The SMT is a Java class that encodes the routing logic. This is a very powerful mechanism but has two drawbacks:

  • It is necessary to compile the transformation upfront and deploy it to Kafka Connect.

  • Every change needs code recompilation and redeployment, leading to inflexible operations.

To solve this problem, Debezium comes with the Content-Based Router SMT. This SMT allows the operator to write an expression that is evaluated for each event and according to the result, it is either kept in the original topic or re-routed to another one. The current implementation supports any scripting language which integrates with JSR 223 (Scripting for the Java™ Platform).

The Content-Based Router SMT can be used like so:

...
transforms=route
transforms.route.type=io.debezium.transforms.ContentBasedRouter
transforms.route.language=jsr223.groovy
transforms.route.topic.expression=value.op == 'u' ? 'updates' : null
...

In this example, we are using Groovy as the expression language, and we’re re-routing all update records to the updates topic and the others into the default one.

Debezium does not come with the language implementations in its installation packages. It is the user’s responsibility to provide an implementation, such as Groovy 3 or GraalVM JavaScript, on the classpath. Bootstrapping is done exclusively via the JSR 223 API currently, so the engine’s support for this API must be provided as well.

Debezium binds four variables into the evaluation context:

  • key - a key of the message

  • value - a value of the message

  • keySchema - the schema of the message key

  • valueSchema - the schema of the message value

  • topic - the name of the target topic

  • headers - the map of message headers keyed with header name and value composed of schema and value variables

The key and value are of type org.apache.kafka.connect.data.Struct and keySchema and valueSchema are variables of type org.apache.kafka.connect.data.Schema. The expression can invoke arbitrary methods on the variables and should evaluate into a boolean value that decides whether the message is removed true or kept. Expressions should be side-effect free, i.e. they should not modify the passed variables in any way.

Language specifics

The same business logic - re-route all update records an be expressed like this, depending on your preferred scripting language; In case of Groovy, the value fields can be accessed in a property-like way:

value.op == 'u' ? 'updates' : null

The Debezium MongoDB connector emits the after and patch fields not as structures but as serialized JSON documents. This means that when you are using the SMT with the MongoDB connector you should either first apply `ExtractNewDocumentState) SMT to unwind the field or use a JSON parser in the expression.

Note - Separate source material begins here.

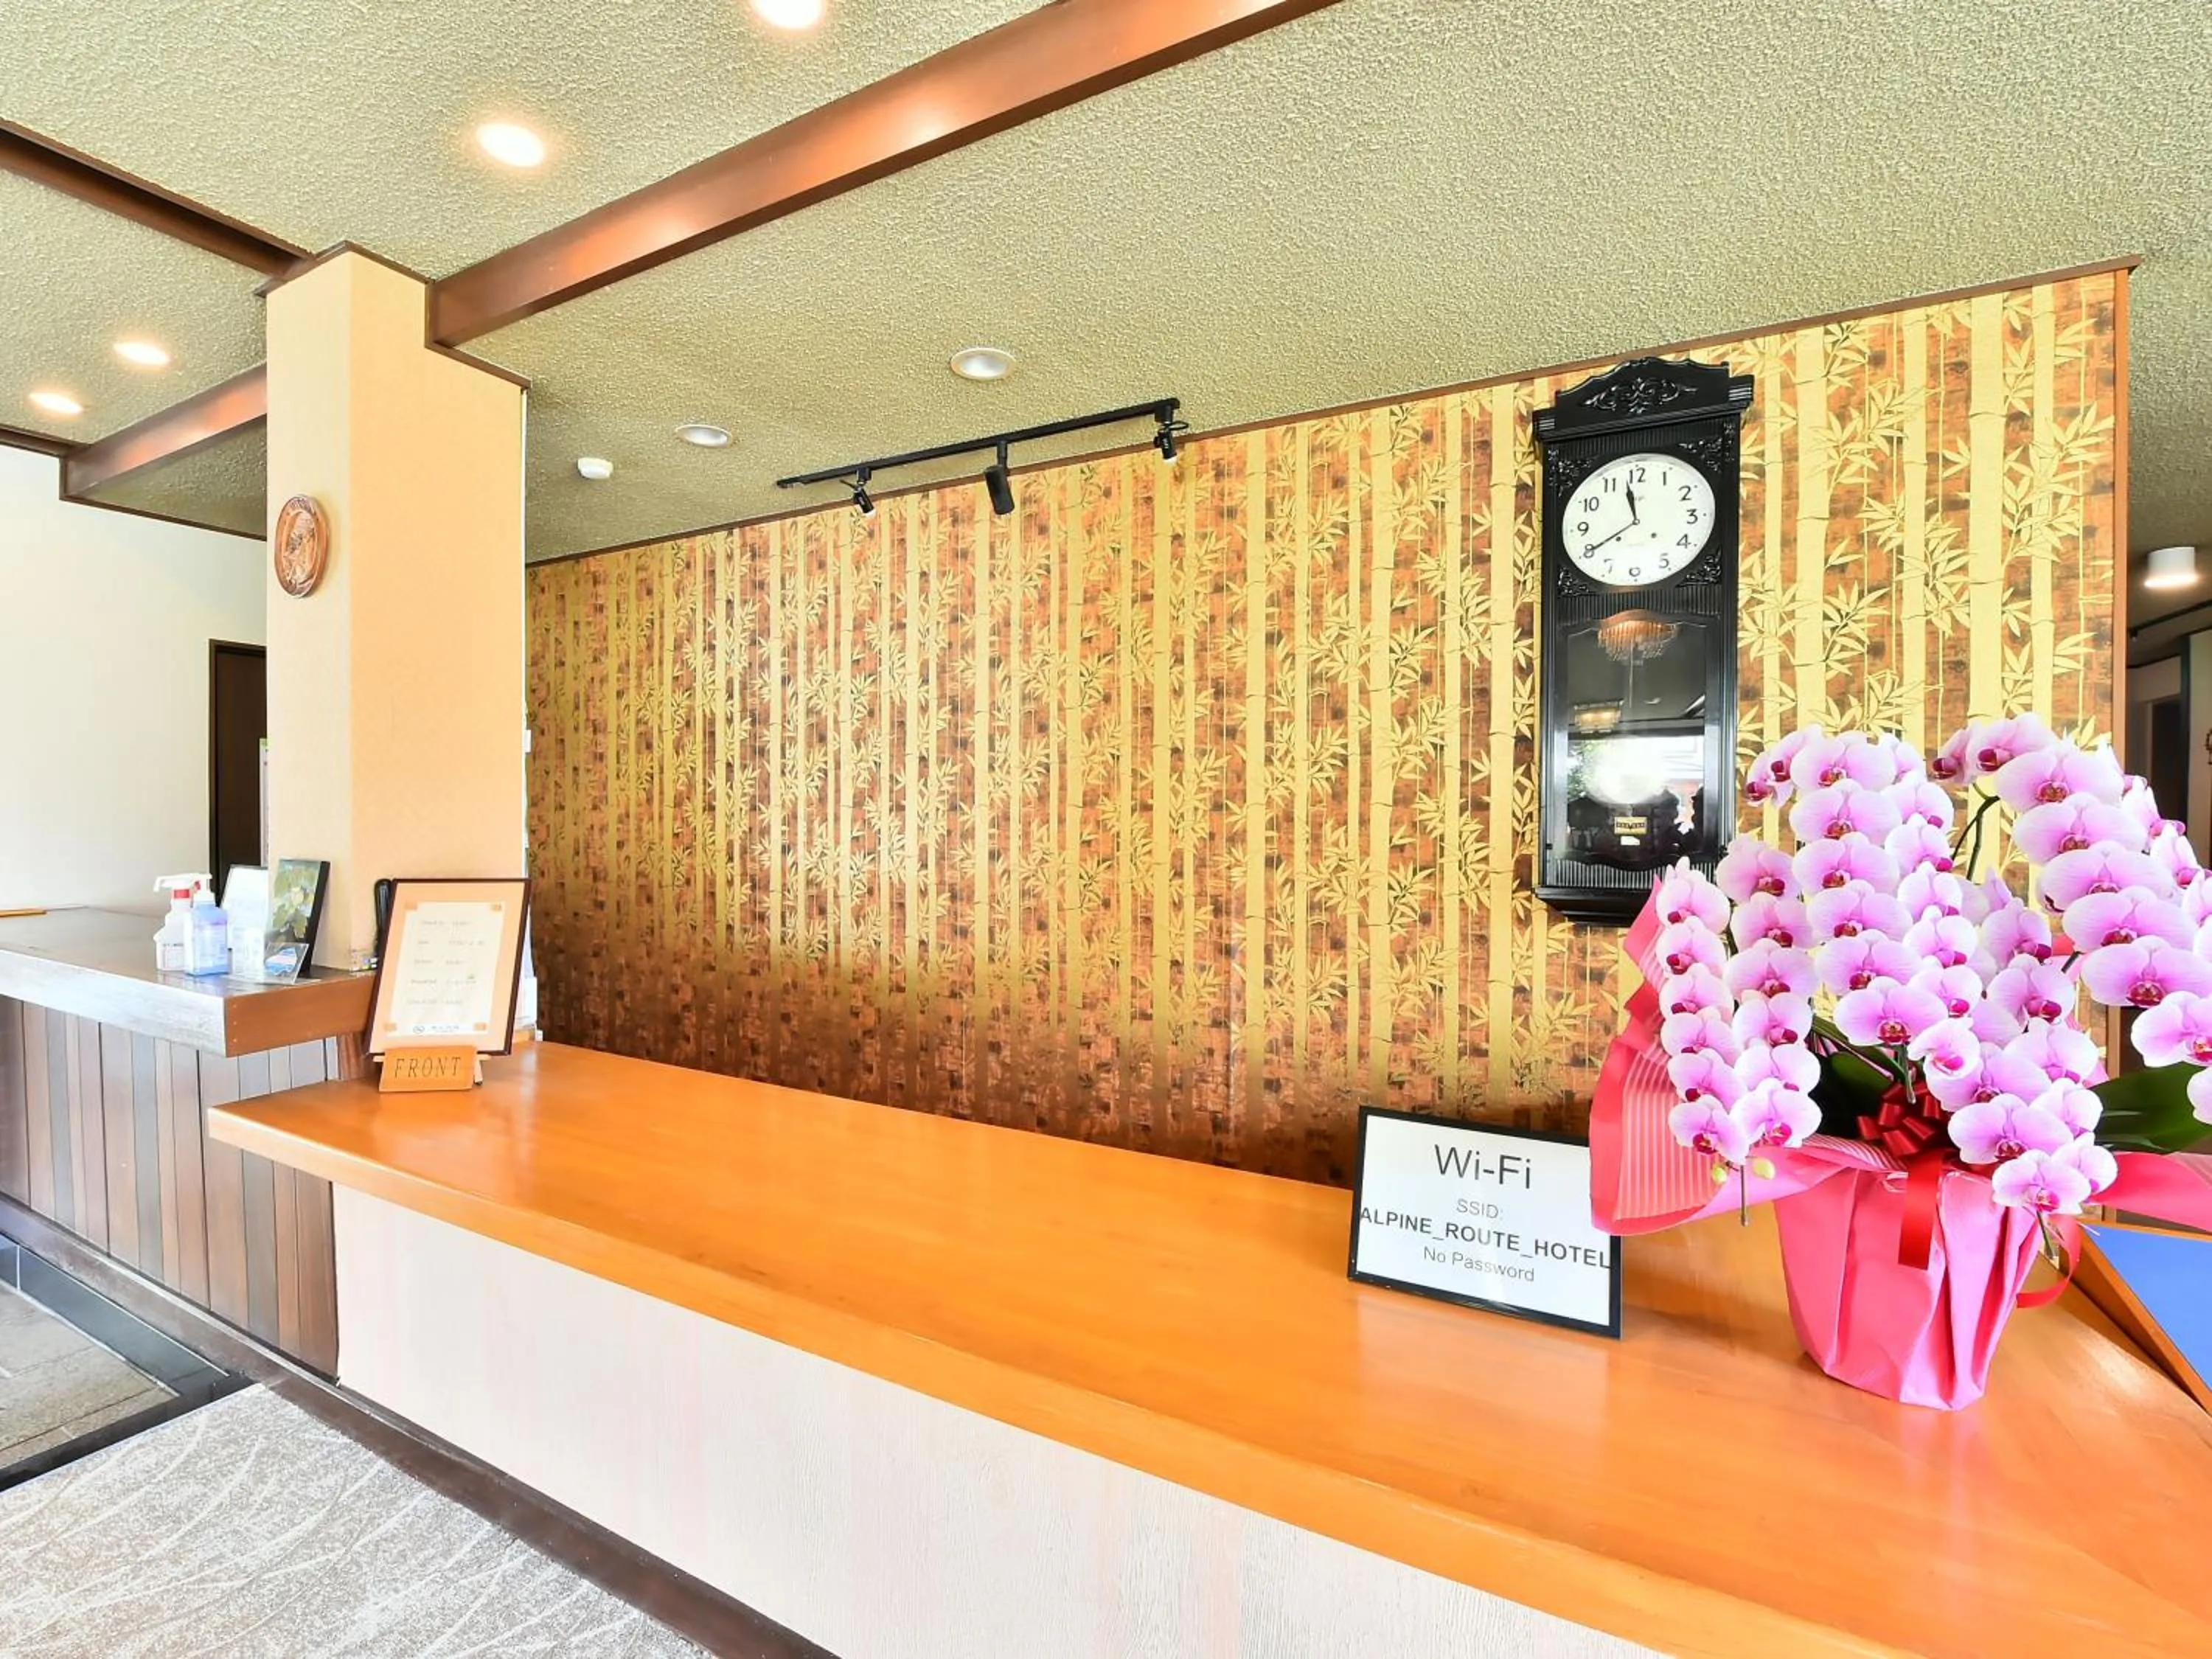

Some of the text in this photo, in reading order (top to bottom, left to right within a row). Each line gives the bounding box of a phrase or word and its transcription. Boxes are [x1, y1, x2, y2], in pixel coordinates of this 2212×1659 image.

In case of Groovy it means adding groovy-json artifact on the classpath and write the expression like (new groovy.json.JsonSlurper()).parseText(value.after).last_name == 'Kretchmar'.

Other languages, such as JavaScript, will typically require to call the Struct#get() method:

value.get('op') == 'u' ? 'updates' : null

When using JavaScript via Graal.js, simplified property references can be used, akin to the Groovy approach:

value.op == 'u' ? 'updates' : null

Configuration options

Property

Default

Description

An optional regular expression for specifying the topic(s) this transformation should be applied to. Records on any topic whose name does not match the given expression are passed on as-is.

The language in which the expression is written. Must begin with jsr223., e.g. jsr223.groovy, or jsr223.graal.js. Currently, only bootstrapping via the JSR 223 API ("Scripting for the Java ™ Platform") is supported.

The expression evaluated for every message. Must evaluate to a String value where a result of non-null will re-route the message to a new topic, and a null value will keep it in the original topic.

keep

Prescribes how the transformation should handle null (tombstone) messages. The options are: keep (the default) to pass the message through, drop to remove the messages completely, or evaluate to run the message through the topic expression.